R01HL065953-01 (U.S. NIH Grant/Contract)

Details and patient eligibility

About

This is a prospective, non-randomised, 48 week study of the effect of protease inhibitor (PI) containing and non-PI containing antiretroviral regimens on the expression of adipocyte specific genes, protein levels and cellular structure in HIV-infected individuals, naive to therapy, who are starting therapy for the first time.

Full description

Antiretroviral medications, used to treat HIV infection, cause side effects. These include changes in composition of fat throughout the body (loss in some areas and accumulation in others), elevations in blood lipids and abnormalities in glucose metabolism. The resulting syndrome is known as "HIV associated lipodystrophy" or HIVLD. In HIV negative populations, such abnormalities in lipid and glucose metabolism are associated with an increased risk of developing cardiovascular disease (CVD).

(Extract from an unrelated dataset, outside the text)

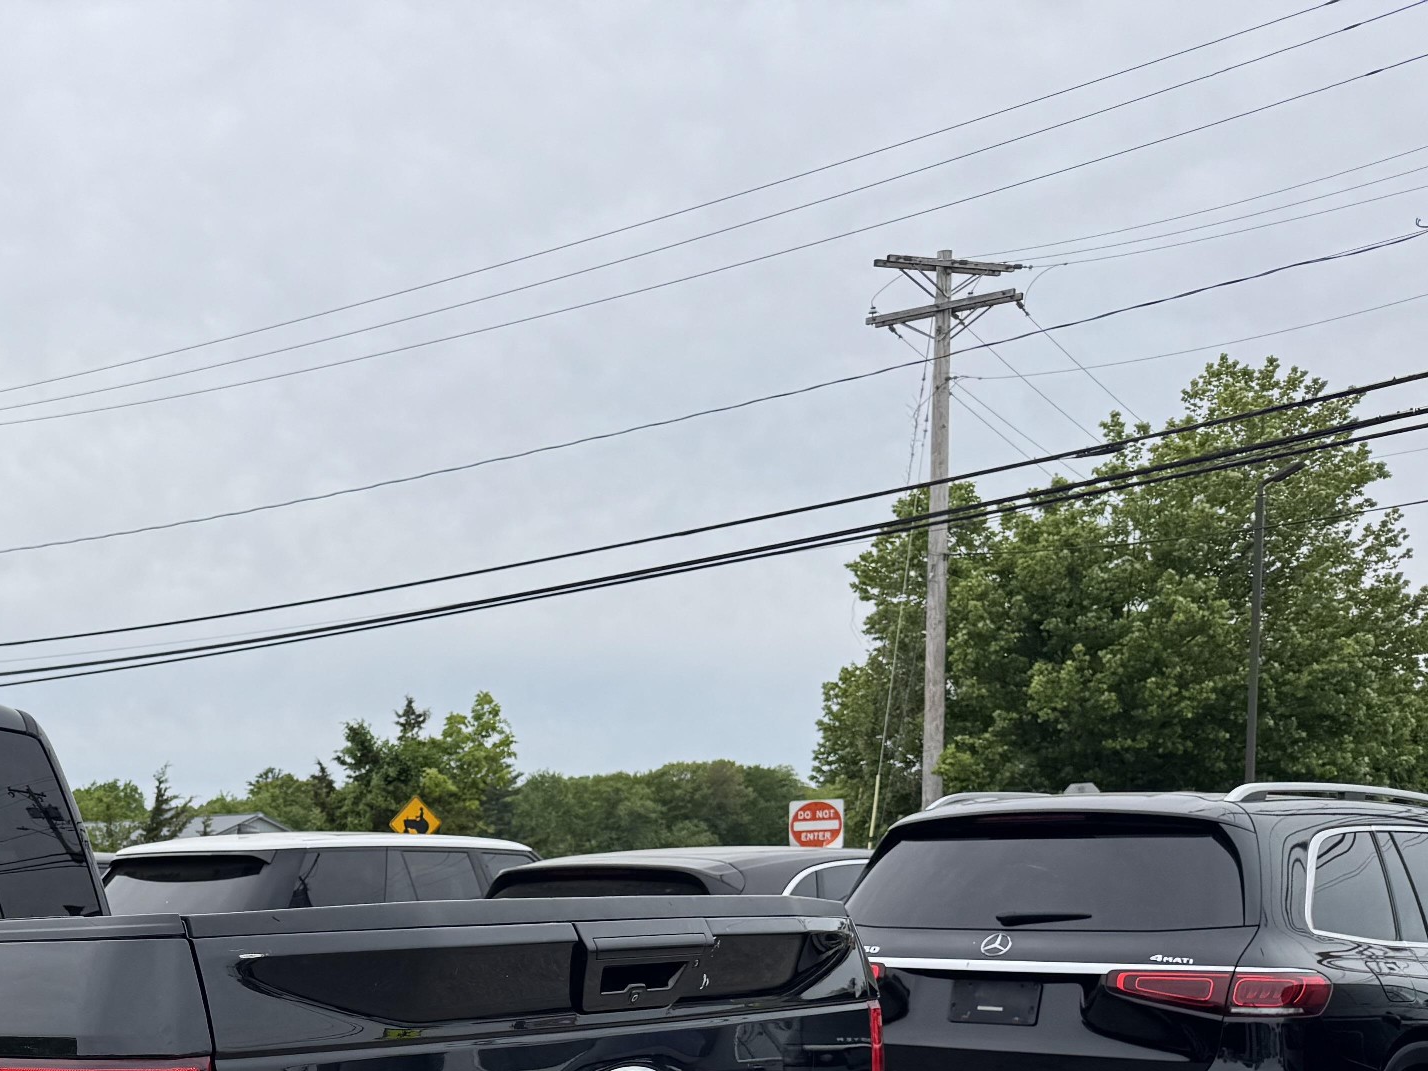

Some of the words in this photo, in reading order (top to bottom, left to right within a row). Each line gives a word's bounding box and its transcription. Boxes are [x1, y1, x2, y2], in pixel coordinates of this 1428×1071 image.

[797, 811, 811, 819] DO
[816, 809, 835, 819] NOT
[801, 832, 831, 841] ENTER

The aim of this study is to characterize the changes that occur in body composition and metabolism with antiretroviral treatment and compare them to changes in fat tissue structure and function and surrogate markers for cardiovascular disease.

Enrollment

80 patients

Sex

All

Ages

18+ years old

Volunteers

Accepts Healthy Volunteers

Inclusion criteria

Age >18.
Be able to provide written consent to perform in the trial.
HIV antibody positive at time of entry to the study.

Specific to HIV Infection and Metabolic Abnormalities Protocol 1 (HAMA) part A only:

Be naive to antiretroviral medication.

Specific to HAMA part B only:

Have had a minimum total exposure to antiretroviral medications (to include drugs from more than one drug class) of 48 weeks at time of recruitment.
Have had a minimum of 48 weeks interval since completion of HAMA part A.

Exclusion criteria

Any history of, or ongoing, mental or physical condition (including suspected or known diagnosis of ischaemic heart disease), which, in the opinion of the investigator, would impede the subject's ability to participate in the trial.
Prior use of growth hormone or glucocorticoid or anabolic steroid products within the previous six months.
Prior use of supraphysiological doses of testosterone or oestrogen replacement therapy within the previous year.
Alcohol or substance abuse which in the opinion of the investigator would affect the patients ability to participate in the trial.
Prior use of any retinoid-containing compound within the previous six months.
Abnormal coagulation.
Previous allergic reaction or known allergy to local anaesthetic.
Previous or concomitant use of medications, which, in the opinion of the investigator, would affect the subject's ability to participate in all activities involved in the trial.
Any grade-three laboratory abnormality recorded from screening bloods, which, in the opinion of the investigator, would impede the subject's ability to safely complete all study requirements.
Any finding on screening clinical examination, which, in the opinion of the investigator, would impede the subject's ability to participate in the rest of the trial.
Pregnancy

Specific to HAMA part A only:

Prior use of anti-retroviral agents (including protease inhibitors, nucleoside or non-nucleoside reverse transcriptase inhibitors, investigational antiretroviral agents or fusion inhibitors). Entry of individuals who have had previous antiretroviral therapy as part of post exposure prophylaxis will be at the discretion of the study investigators.